The MDBF currently defines over 60 distinct capabilities of about 400 different devices. Of those capabilities, we are really only interested in the isMobileDevice
value. However, many of the other capabilities directly affect the behavior of ASP.NET when a particular browser is detected. The preferredRenderingMime
capability tells ASP.NET what content type should be sent as a response header. So in the case of a browser that prefers XHTML, and is not a mobile device and therefore not redirected, ASP.NET obliges by setting the response content type.

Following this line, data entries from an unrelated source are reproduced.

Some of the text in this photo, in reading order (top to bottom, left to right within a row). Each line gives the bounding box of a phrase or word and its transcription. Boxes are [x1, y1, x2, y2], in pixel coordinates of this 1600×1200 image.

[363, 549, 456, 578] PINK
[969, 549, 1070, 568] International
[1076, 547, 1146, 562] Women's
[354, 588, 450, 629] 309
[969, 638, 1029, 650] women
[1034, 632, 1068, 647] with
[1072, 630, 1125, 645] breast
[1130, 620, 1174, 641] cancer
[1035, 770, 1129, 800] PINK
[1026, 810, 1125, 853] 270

Unfortunately the markup coming from our SharePoint portal does not meet the standards of XHTML and causes those browsers to break. We noticed this when we added web slices to the portal and saw that the Windows-RSS-Platform User-Agent was being sent the Content-Type: application/xhtml+xml
header. To fix the issue, we added a new browser entry that matched the Windows-RSS-Platform user agent and set the preferredRenderingMime
to text/html
and at the same time defined some other user agents that we expected to have the same problem. Unfortunately this approach makes being diligent with keeping the latest file from the MDBF team more difficult. With so many devices, we may easily miss some that prefer the XHTML markup but are not mobile devices.
To solve the problem, I created a very simple (4 lines) HttpModule
that handles the HttpApplication.PostRequestHandlerExecute
event and in the case of Response.ContentType==”application/xhtml+xml”
sets the ContentType
to “text/html
”. This will make it much easier to maintain the MDBF and take care of any other unknown agents.